_EXERCISE_
Please give back each line below unchanged; none of the pictures should appear.

--------------------------------

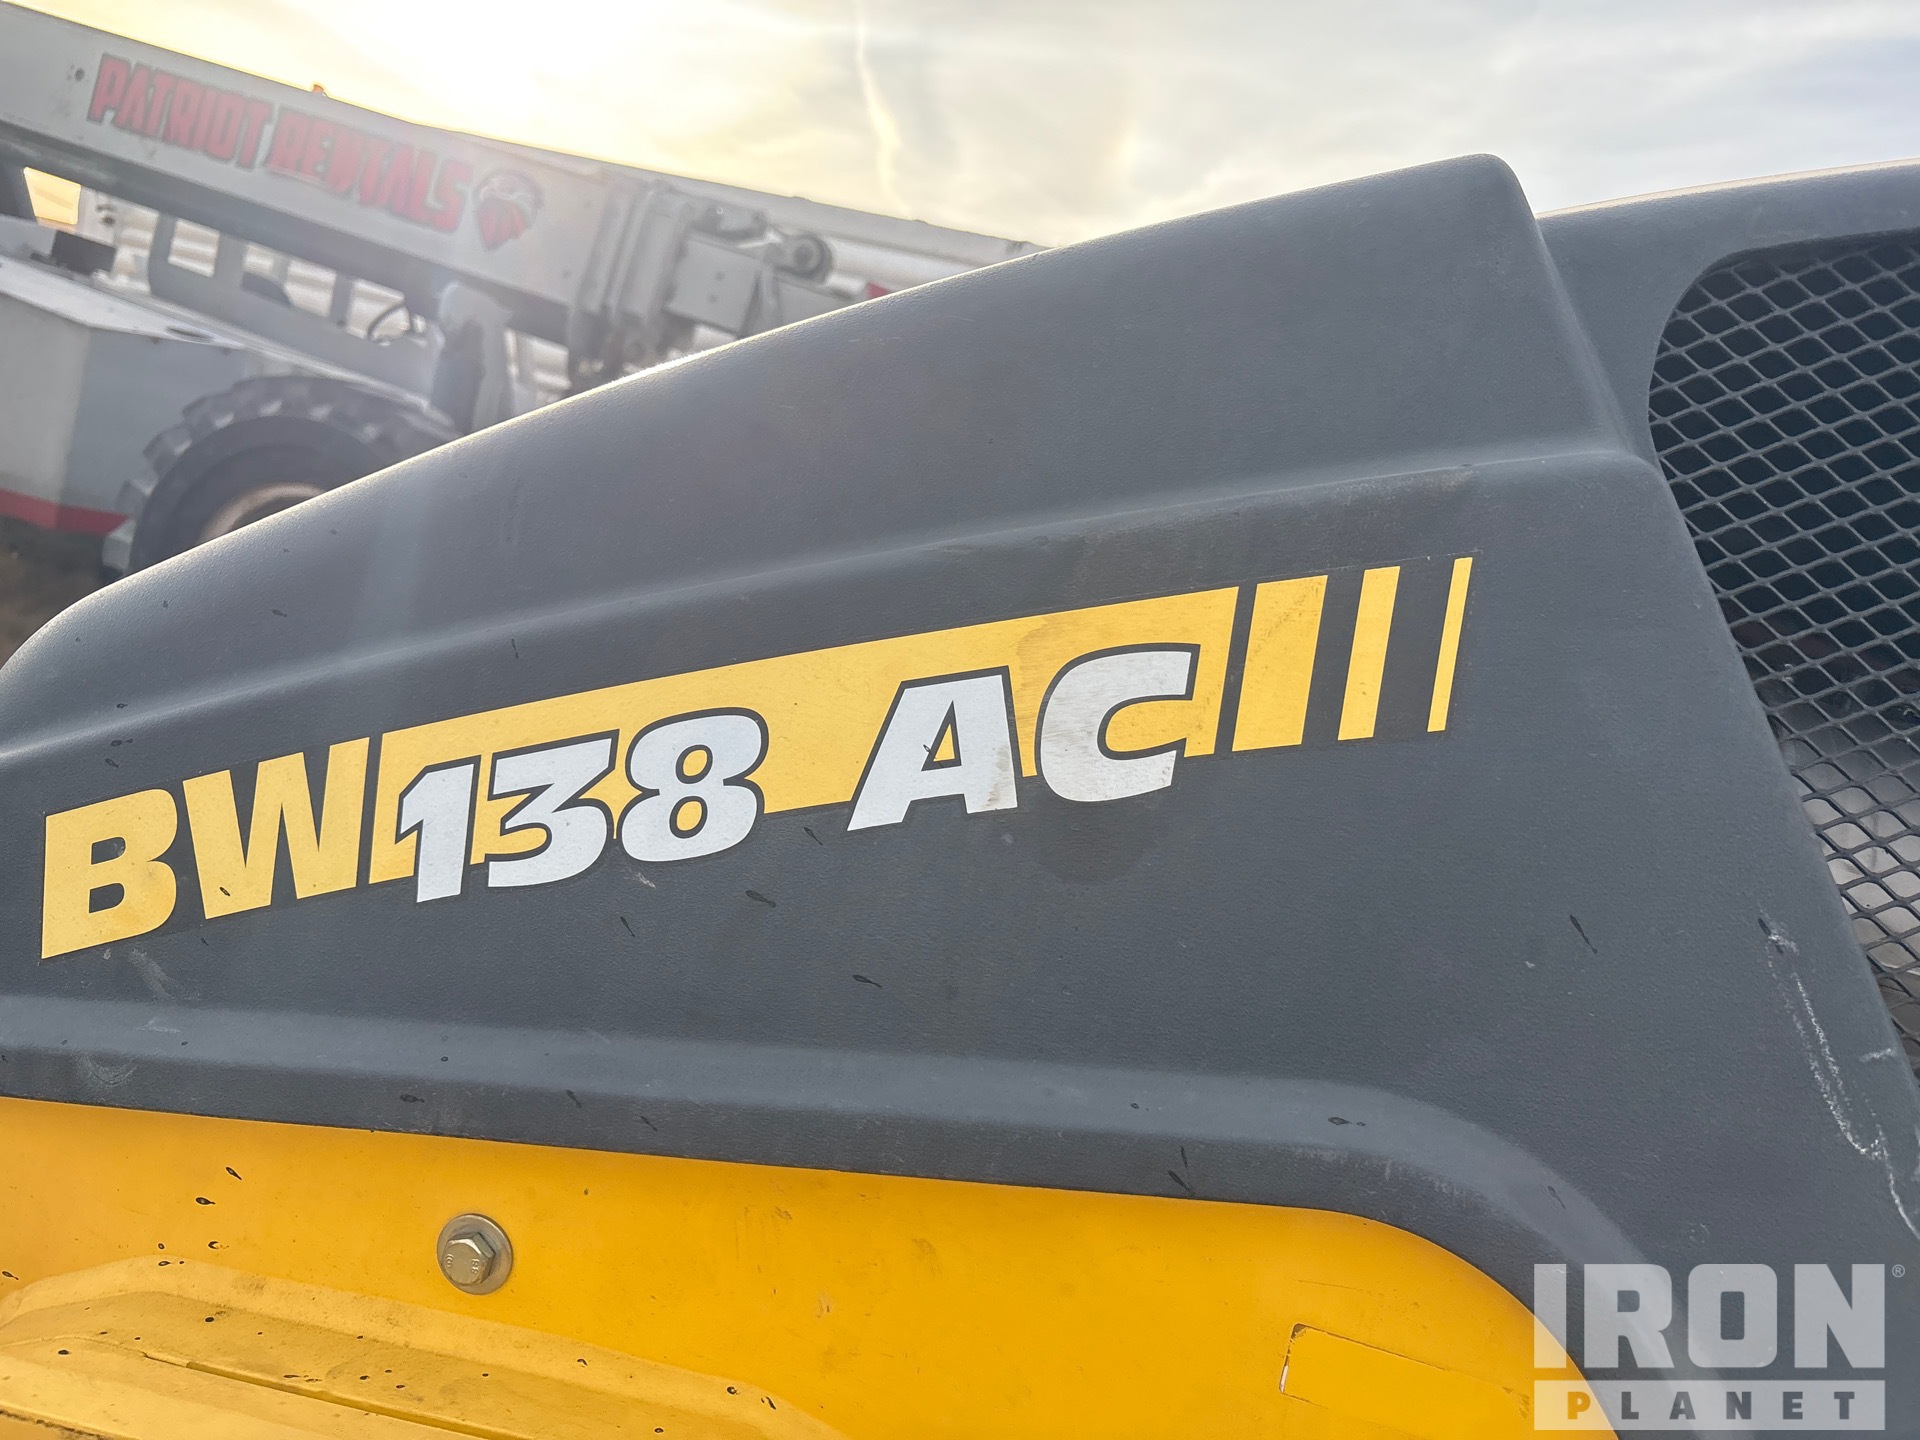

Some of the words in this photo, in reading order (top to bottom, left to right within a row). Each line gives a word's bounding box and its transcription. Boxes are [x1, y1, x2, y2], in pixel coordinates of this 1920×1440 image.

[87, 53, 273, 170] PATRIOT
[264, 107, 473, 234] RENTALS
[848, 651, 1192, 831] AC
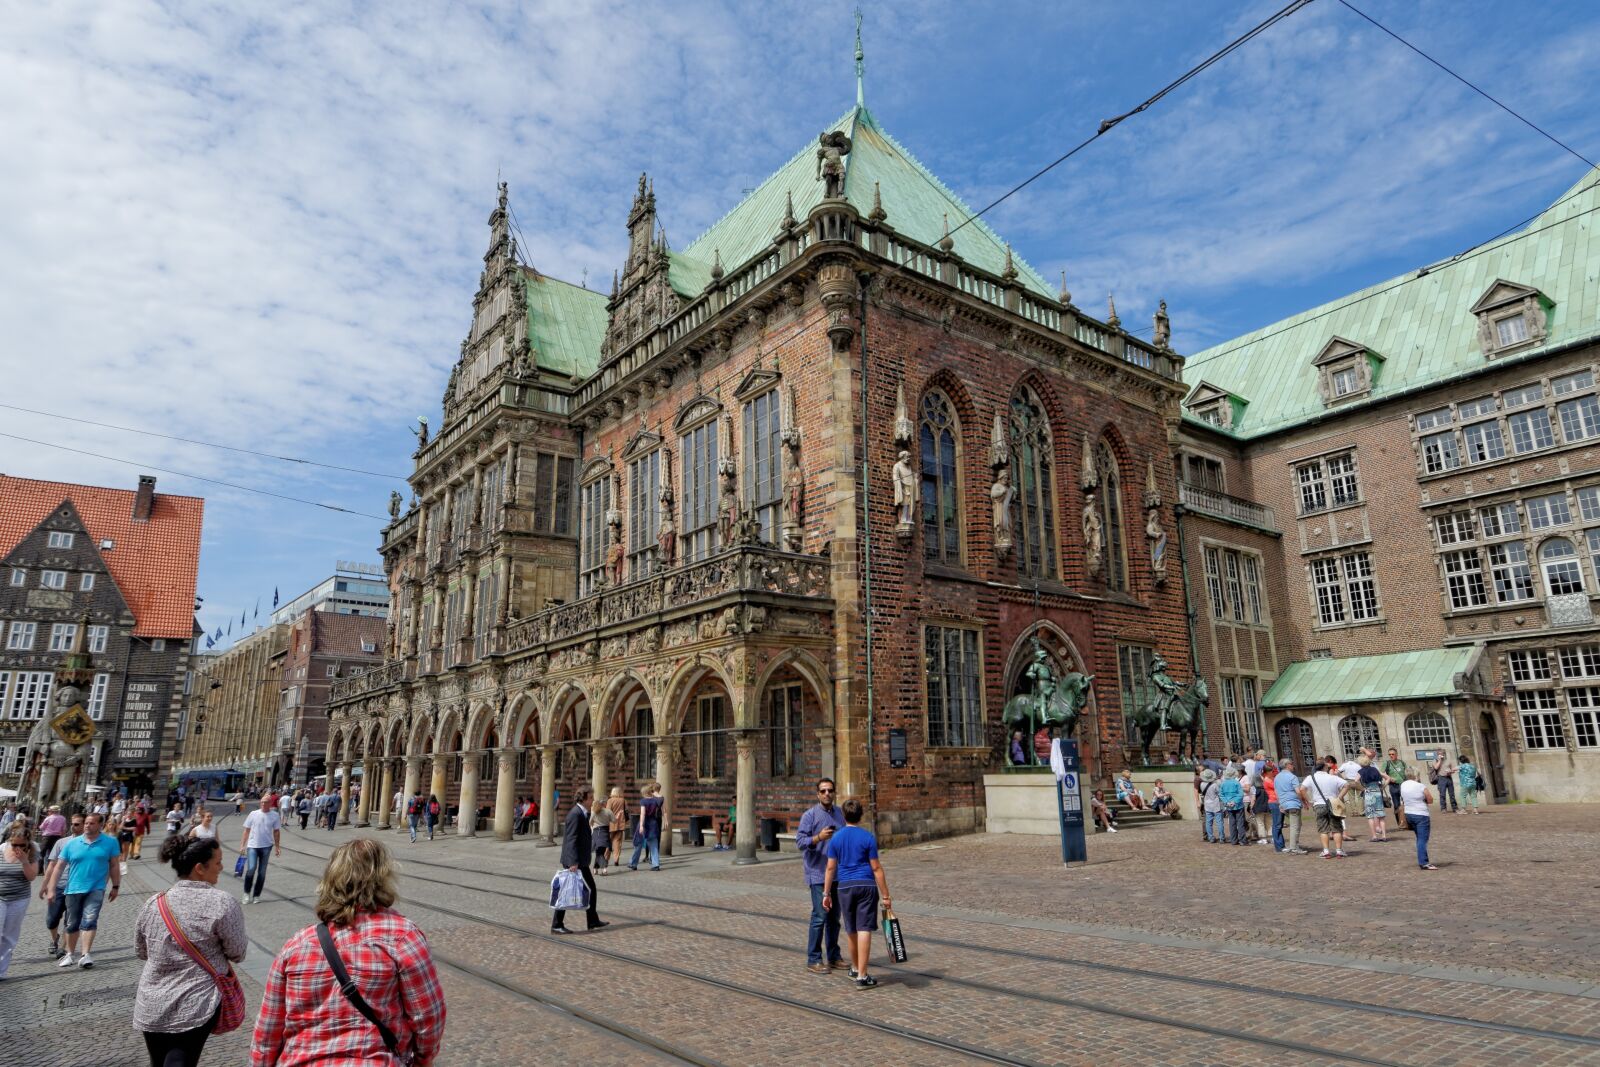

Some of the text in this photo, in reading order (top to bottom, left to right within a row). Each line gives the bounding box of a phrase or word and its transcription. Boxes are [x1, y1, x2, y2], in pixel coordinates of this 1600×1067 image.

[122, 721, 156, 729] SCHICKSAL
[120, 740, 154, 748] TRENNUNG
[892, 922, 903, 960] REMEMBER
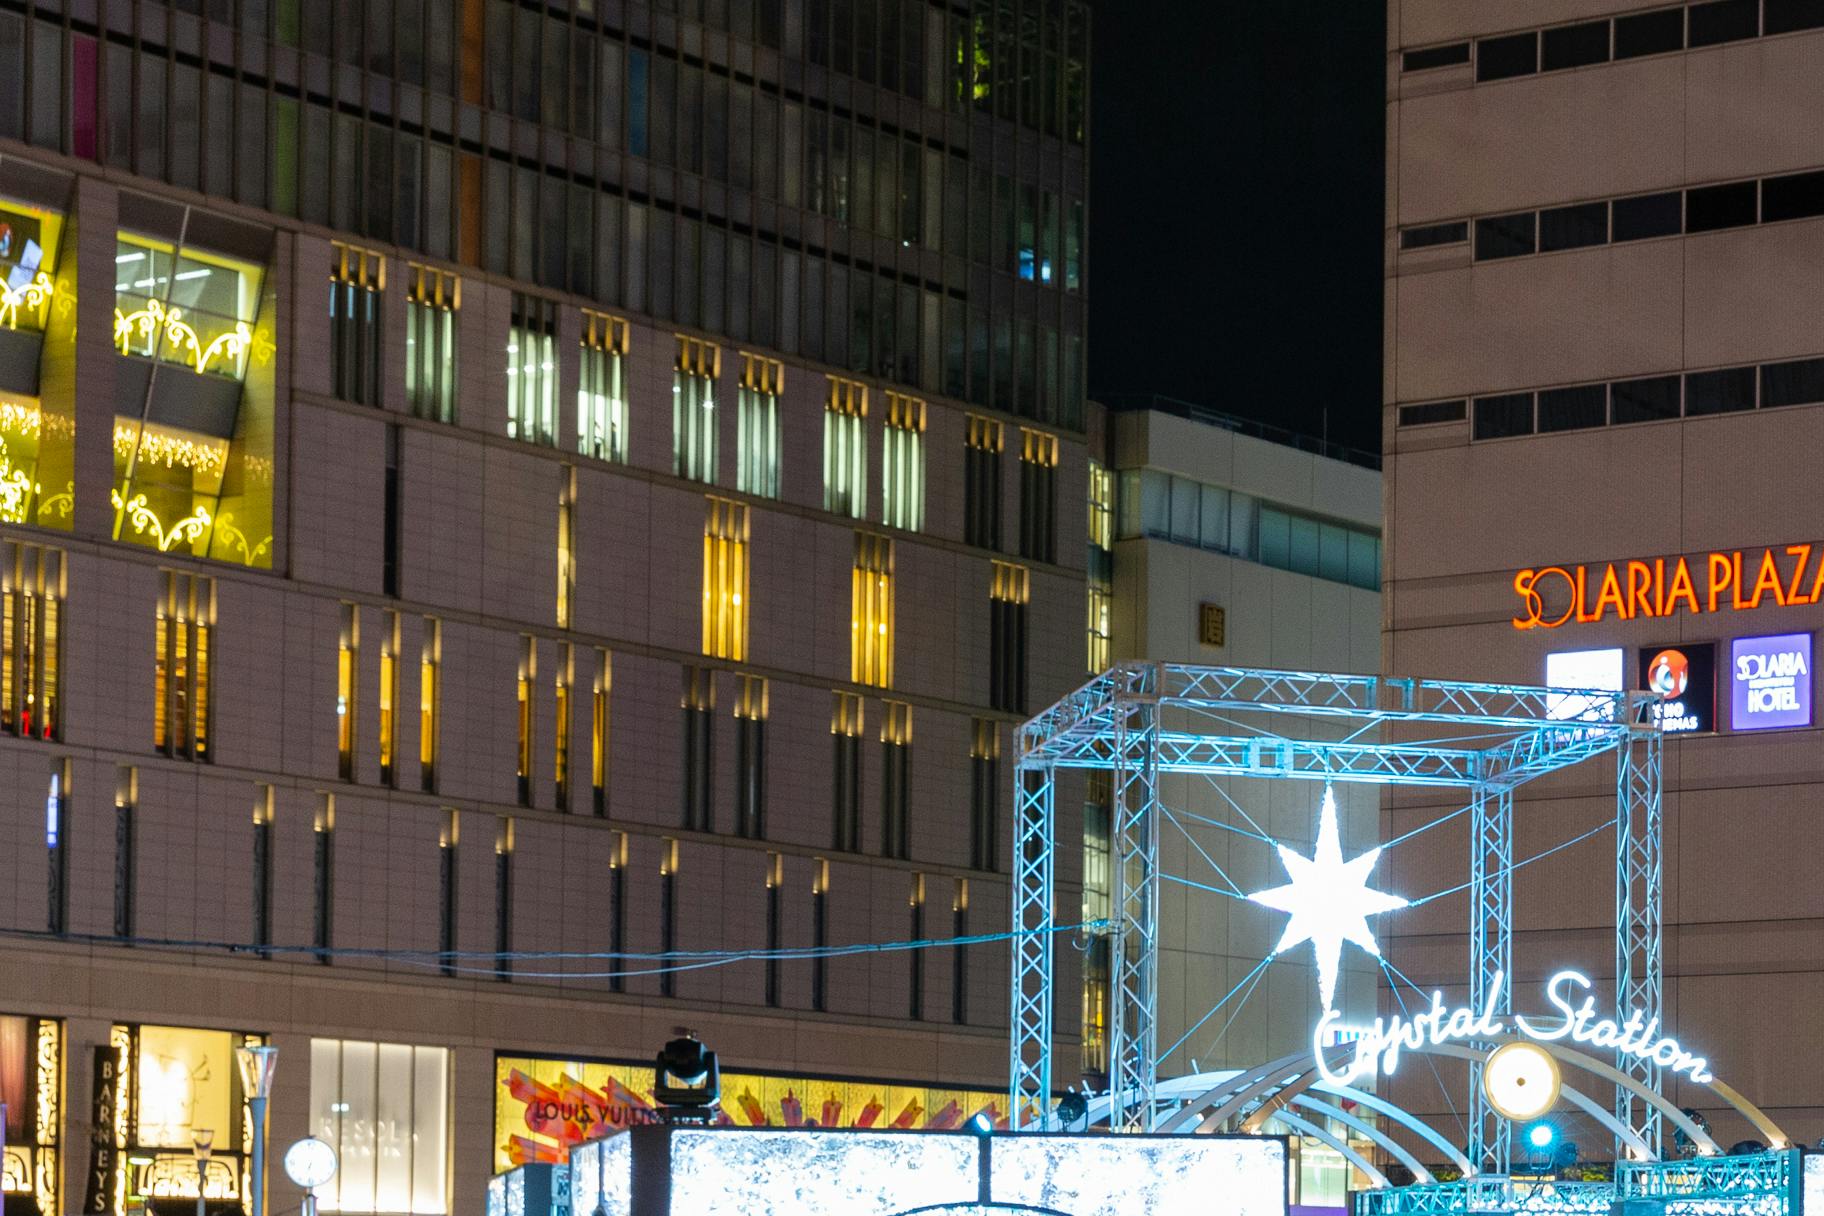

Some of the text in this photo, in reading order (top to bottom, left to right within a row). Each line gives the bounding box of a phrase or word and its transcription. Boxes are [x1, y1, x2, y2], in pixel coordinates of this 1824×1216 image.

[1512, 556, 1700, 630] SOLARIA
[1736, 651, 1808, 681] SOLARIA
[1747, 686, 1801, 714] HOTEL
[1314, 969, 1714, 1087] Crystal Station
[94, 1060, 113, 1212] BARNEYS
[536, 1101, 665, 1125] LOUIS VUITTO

--------------------------------

_OUTPUT_
Some of the words in this photo, in reading order (top to bottom, left to right within a row). Each line gives a word's bounding box and its transcription. Boxes are [x1, y1, x2, y2], in pixel coordinates of this 1920×1440 image.

[87, 53, 273, 170] PATRIOT
[264, 107, 473, 234] RENTALS
[848, 651, 1192, 831] AC

Some of the text in this photo, in reading order (top to bottom, left to right within a row). Each line gives the bounding box of a phrase or word and its transcription. Boxes are [x1, y1, x2, y2], in pixel coordinates of this 1600×1067 image.

[122, 721, 156, 729] SCHICKSAL
[120, 740, 154, 748] TRENNUNG
[892, 922, 903, 960] REMEMBER

Some of the text in this photo, in reading order (top to bottom, left to right within a row). Each line gives the bounding box of a phrase or word and its transcription. Boxes are [x1, y1, x2, y2], in pixel coordinates of this 1824×1216 image.

[1512, 556, 1700, 630] SOLARIA
[1736, 651, 1808, 681] SOLARIA
[1747, 686, 1801, 714] HOTEL
[1314, 969, 1714, 1087] Crystal Station
[94, 1060, 113, 1212] BARNEYS
[536, 1101, 665, 1125] LOUIS VUITTO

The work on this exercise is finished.